Mittendrin, aber nicht voll dabei: Karlsruhe
Wohnungssuche in Karlsruhe. Ein dunkles Kapitel.
Zwar hatte die Suche bei der HomeCompany, einem Portal, dass möblierte Wohnungen auf Zeit vermittelt, eine kleine Auswahl ergeben, aber die war mir für Karlsruhe zu mager.
Ich fand schnell ein bezauberndes kleines 1-Zimmer-Appartment, auf dessen Balkon ich die hübsche Aussicht auf meinen neuen Arbeitgeber genießen konnte. Und ich lernte etwas über Umzüge in neue Städte: LERNE DIE VIERTEL KENNEN!
"Wer den Tod nicht scheut, zieht nach Oberreut", dies ist der mittlerweile gefühlte eine Million Mal gehörte Satz, den die Nennung meines neuen Wohnviertels nach sich zog. Dabei ist Oberreut garnicht so schlimm. Als ich die WOhnung besichtigte, schien die Sonne. Die Strassenbahn zog vor dem Gebäude der Badenia-Versicherung ihre Kreise, Kinder spielten auf den Strassen. Eine kleine charmante Siedlung.

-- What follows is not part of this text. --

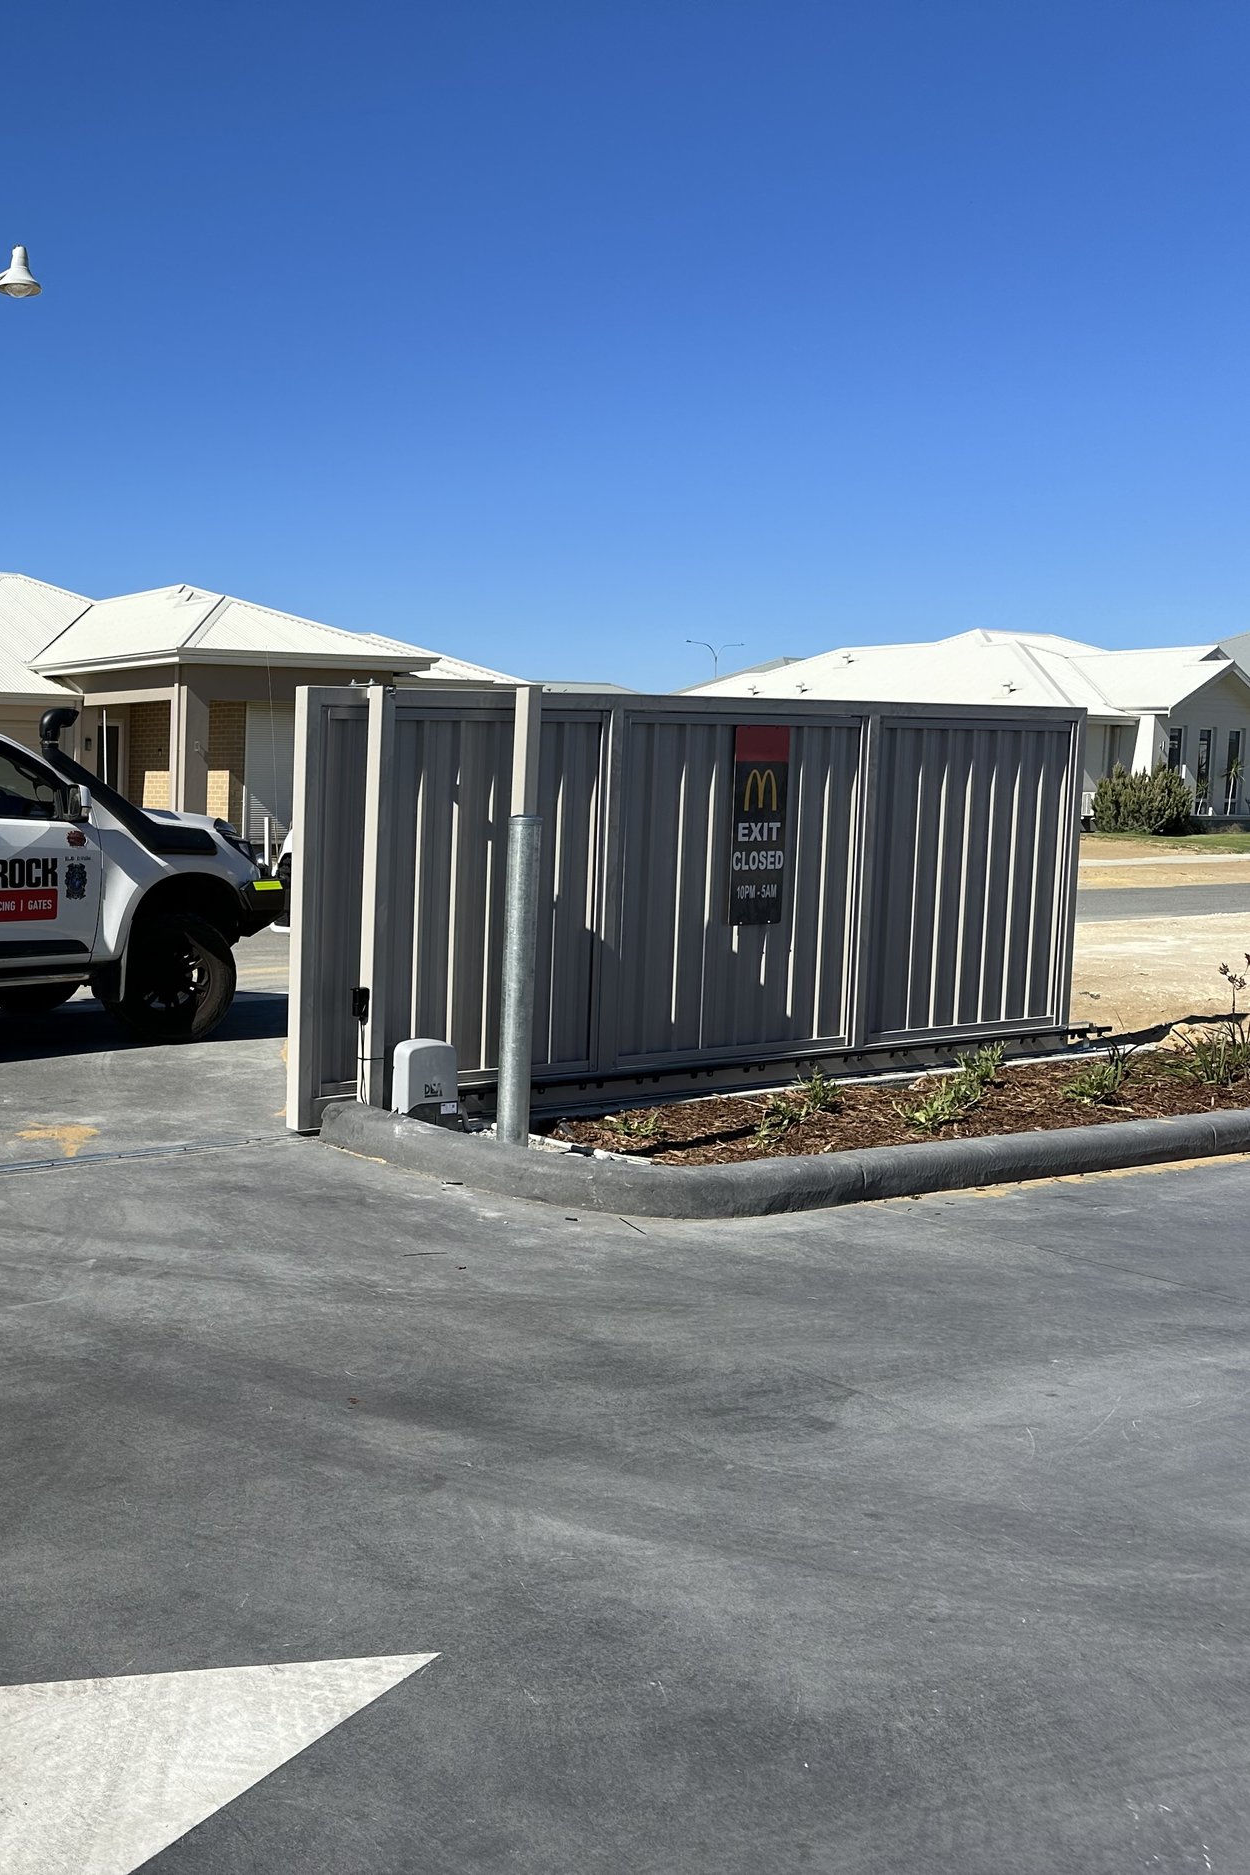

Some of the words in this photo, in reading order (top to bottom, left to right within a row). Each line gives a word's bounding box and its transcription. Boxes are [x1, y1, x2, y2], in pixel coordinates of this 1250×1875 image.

Es ist nichts konstant hier in Karlsruhe, alles bewegt sich, das beobachtete ich an einer Socke, die an einer Bushaltestelle lag. Halb zusammengerollt, am Anfang wirkte sie frisch und jung und ungestüm. Einen Tag später thronte eine Schnecke auf ihr, die mich hämisch verspottete und mich hinter meinem Rücken nachäffte, ehe sie über die Socke kroch. Ich eilte weiter. Abends dann fand ich die Socke übel zugerichtet, Schleimspuren zogen sich kreuz und quer über sie, eine wahre Kriechorgie muss die Schnecke veranstaltet haben, sicher war sie ganz außer Atem. Tags darauf schneite es und bedeckte den Tatort.

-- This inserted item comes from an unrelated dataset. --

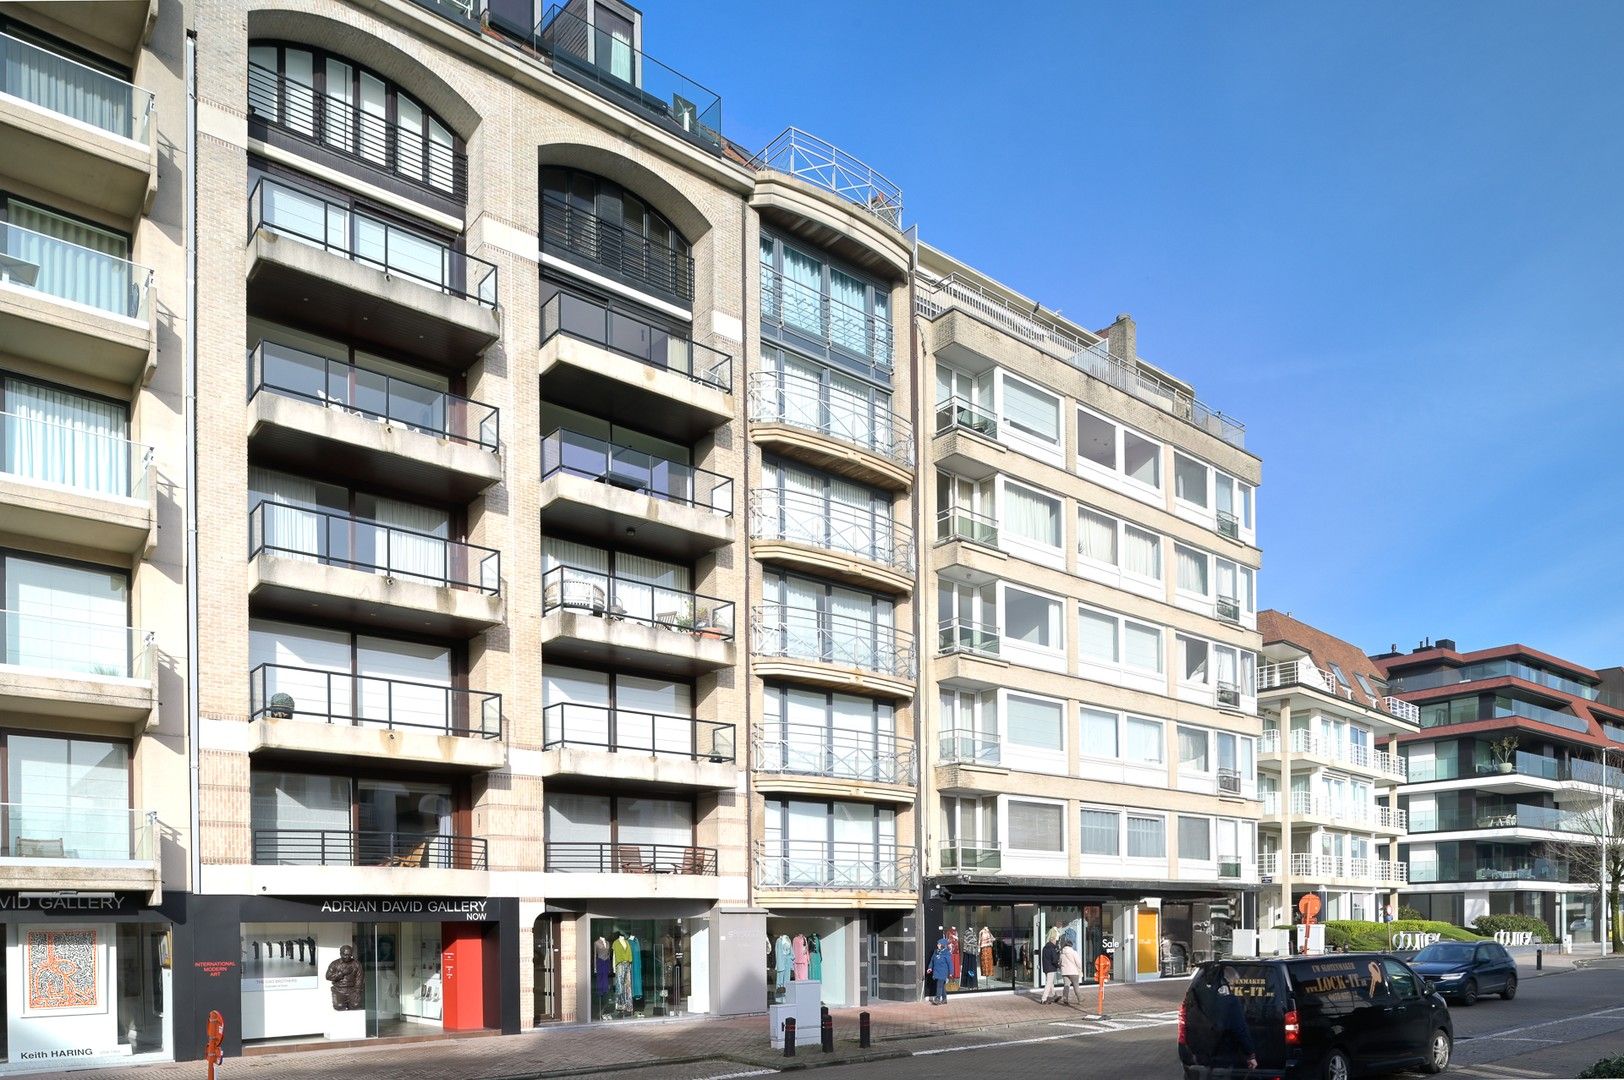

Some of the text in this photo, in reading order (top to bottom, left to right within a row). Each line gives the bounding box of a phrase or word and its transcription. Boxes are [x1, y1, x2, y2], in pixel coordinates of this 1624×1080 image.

Oberreut wird in erster Linie von Russlanddeutschen bewohnt. Man verriet mir, dass Karlsruhe eine der ersten Anlaufstellen für diese war. Und so zog man ihnen ein hübsches Neubauviertel mit nicht allzu hohen Häusern hoch. Früher war Oberreut vielleicht übel beleumundet. Jetzt kann ich es mir nicht erklären.
Nur diese Sockensache...
Eine Woche später lag an der gleichen Stelle wieder eine Socke. Schon wieder! Auf Piratenschiffen und in Arenen voll mit Gladiatoren reißen sich die feurigen Kerle in den Augenblicken größter Aufgewühltheit die Hemden von der haarigen Brust. Das russische Gefühls-Aktionsäquivalent scheint das vom-Fuss-rupfen der Socke zu sein. Sympathische kleine Schrulle, das. Seltsam leblos lag sie da, ich schaute weg.
Guckt mal, so ist Karlsruhe. Manchmal deprimierend und langweilig, ja, aber irgendwie auch fremd und wild.